(Stored data entries)
***

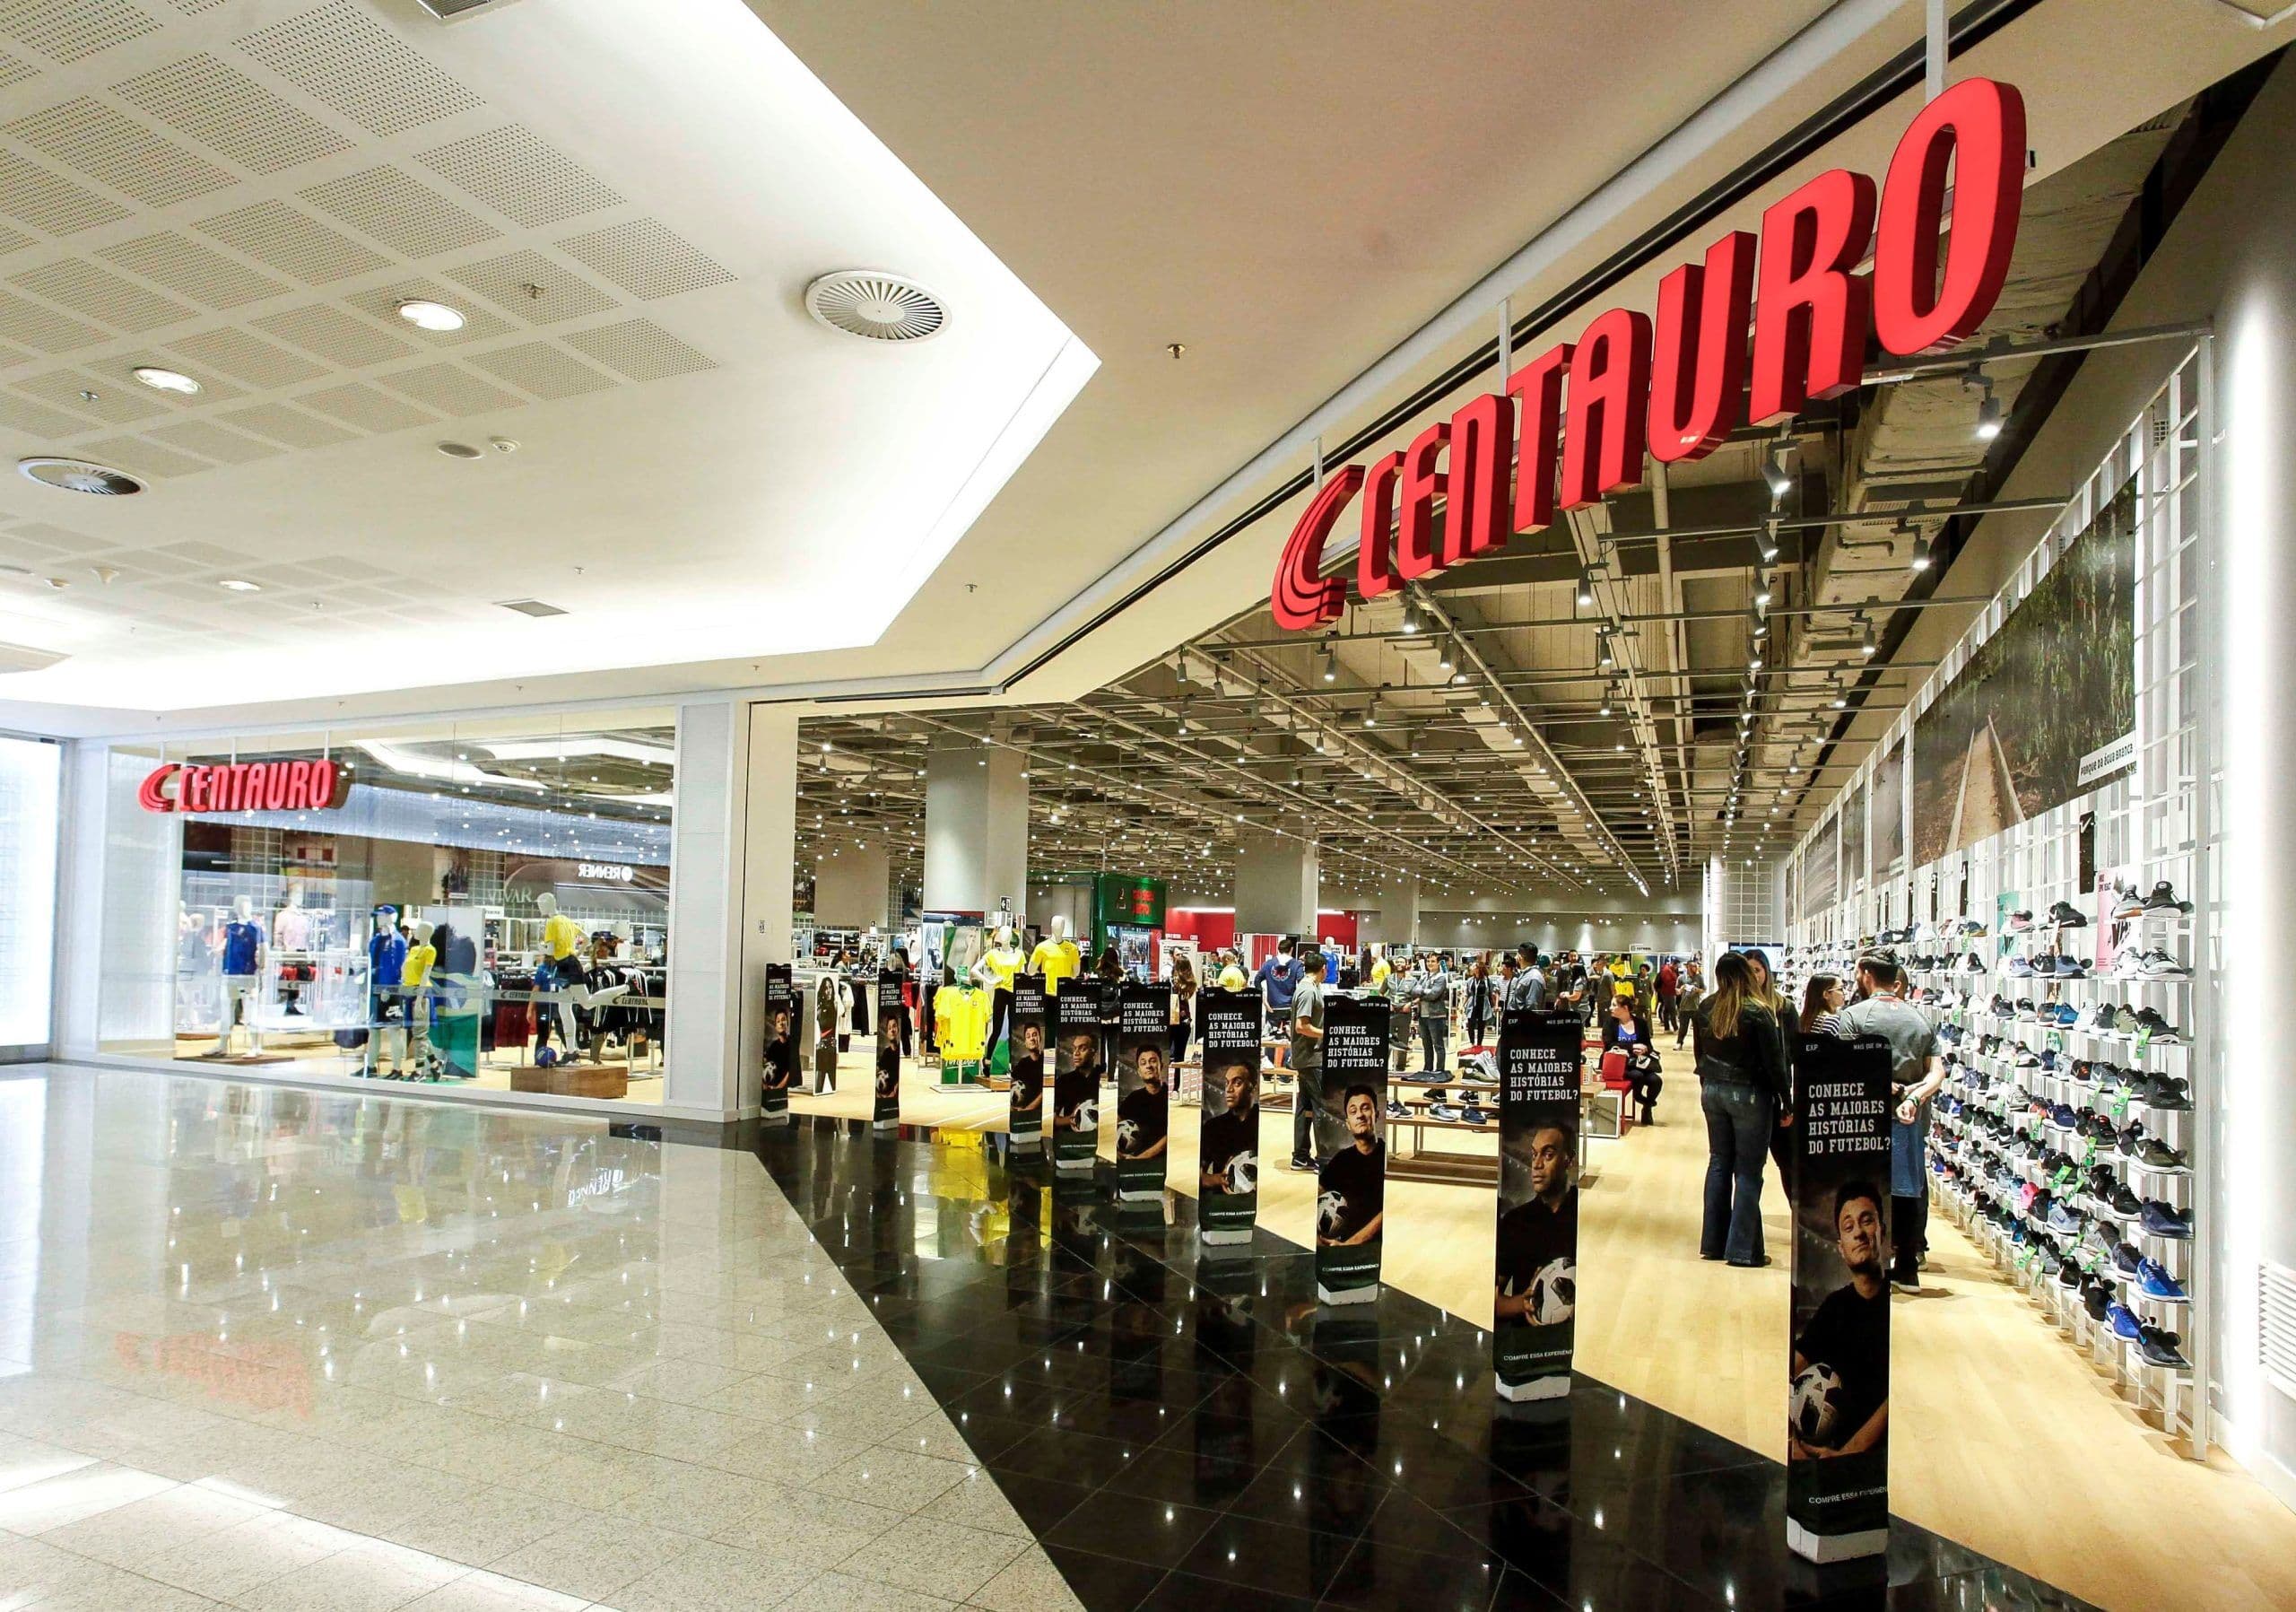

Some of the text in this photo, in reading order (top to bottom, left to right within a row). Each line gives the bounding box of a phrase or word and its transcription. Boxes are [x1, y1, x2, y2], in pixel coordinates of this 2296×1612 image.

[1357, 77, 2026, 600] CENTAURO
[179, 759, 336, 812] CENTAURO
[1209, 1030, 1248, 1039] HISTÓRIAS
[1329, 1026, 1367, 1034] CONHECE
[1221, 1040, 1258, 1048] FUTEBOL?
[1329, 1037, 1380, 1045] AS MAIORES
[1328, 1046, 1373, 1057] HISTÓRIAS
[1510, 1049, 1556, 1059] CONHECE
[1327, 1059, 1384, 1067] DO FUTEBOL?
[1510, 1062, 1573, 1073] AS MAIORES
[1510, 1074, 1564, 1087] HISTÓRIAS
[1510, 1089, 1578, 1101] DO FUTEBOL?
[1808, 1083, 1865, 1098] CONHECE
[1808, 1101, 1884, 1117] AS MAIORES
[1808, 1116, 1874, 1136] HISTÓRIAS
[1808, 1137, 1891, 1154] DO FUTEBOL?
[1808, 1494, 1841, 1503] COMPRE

***

** Aim of the task **
Output each line exactly as shown above; no pictures go in the copy.

** Solution for this exercise **
Some of the text in this photo, in reading order (top to bottom, left to right within a row). Each line gives the bounding box of a phrase or word and its transcription. Boxes are [x1, y1, x2, y2], in pixel coordinates of this 2296×1612 image.

[1357, 77, 2026, 600] CENTAURO
[179, 759, 336, 812] CENTAURO
[1209, 1030, 1248, 1039] HISTÓRIAS
[1329, 1026, 1367, 1034] CONHECE
[1221, 1040, 1258, 1048] FUTEBOL?
[1329, 1037, 1380, 1045] AS MAIORES
[1328, 1046, 1373, 1057] HISTÓRIAS
[1510, 1049, 1556, 1059] CONHECE
[1327, 1059, 1384, 1067] DO FUTEBOL?
[1510, 1062, 1573, 1073] AS MAIORES
[1510, 1074, 1564, 1087] HISTÓRIAS
[1510, 1089, 1578, 1101] DO FUTEBOL?
[1808, 1083, 1865, 1098] CONHECE
[1808, 1101, 1884, 1117] AS MAIORES
[1808, 1116, 1874, 1136] HISTÓRIAS
[1808, 1137, 1891, 1154] DO FUTEBOL?
[1808, 1494, 1841, 1503] COMPRE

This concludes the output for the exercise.